ABOUT THIS EXERCISE — Make the copy match the entries below exactly, with no pictures carried over.

RECORDED DATA —
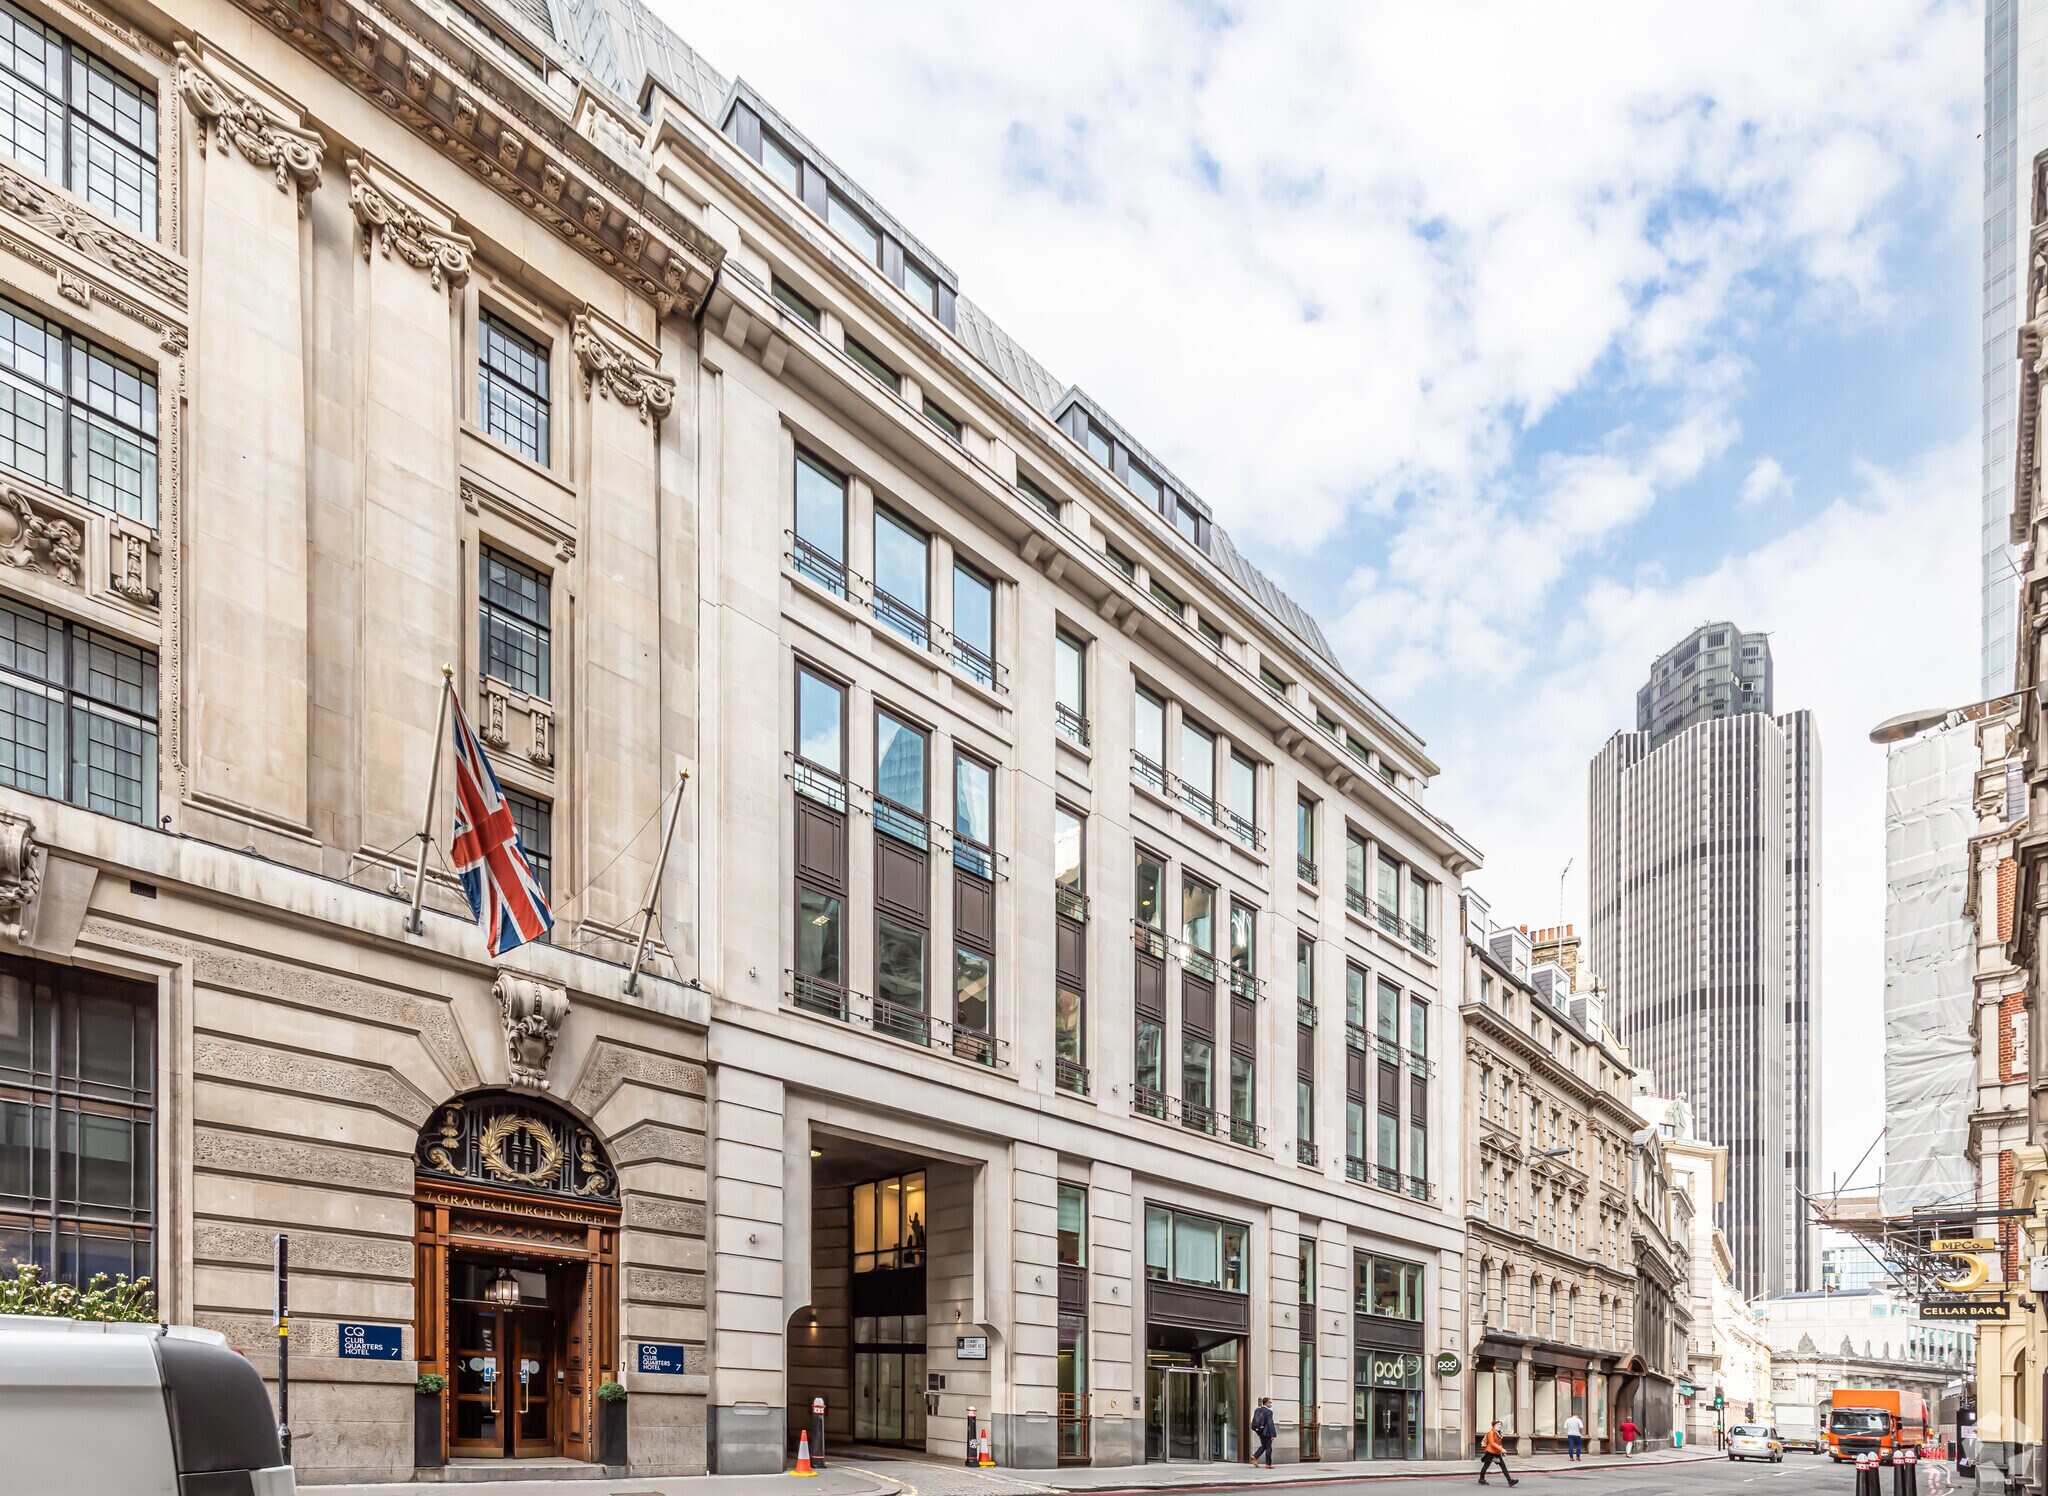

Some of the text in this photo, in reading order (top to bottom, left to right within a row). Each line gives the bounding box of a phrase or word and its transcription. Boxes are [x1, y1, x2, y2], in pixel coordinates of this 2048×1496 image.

[424, 1191, 610, 1225] 7 GRACECHURCH STREET
[1942, 1241, 1983, 1249] MPCo.
[1923, 1307, 1994, 1315] CELLAR BAR
[344, 1326, 365, 1336] CQ
[391, 1347, 399, 1356] 7
[643, 1345, 657, 1354] CQ
[675, 1363, 681, 1371] 7
[1437, 1359, 1457, 1370] pod
[1374, 1358, 1403, 1382] pod
[1110, 1396, 1117, 1409] 6

EXERCISE OUTPUT —
Some of the text in this photo, in reading order (top to bottom, left to right within a row). Each line gives the bounding box of a phrase or word and its transcription. Boxes are [x1, y1, x2, y2], in pixel coordinates of this 2048×1496 image.

[424, 1191, 610, 1225] 7 GRACECHURCH STREET
[1942, 1241, 1983, 1249] MPCo.
[1923, 1307, 1994, 1315] CELLAR BAR
[344, 1326, 365, 1336] CQ
[391, 1347, 399, 1356] 7
[643, 1345, 657, 1354] CQ
[675, 1363, 681, 1371] 7
[1437, 1359, 1457, 1370] pod
[1374, 1358, 1403, 1382] pod
[1110, 1396, 1117, 1409] 6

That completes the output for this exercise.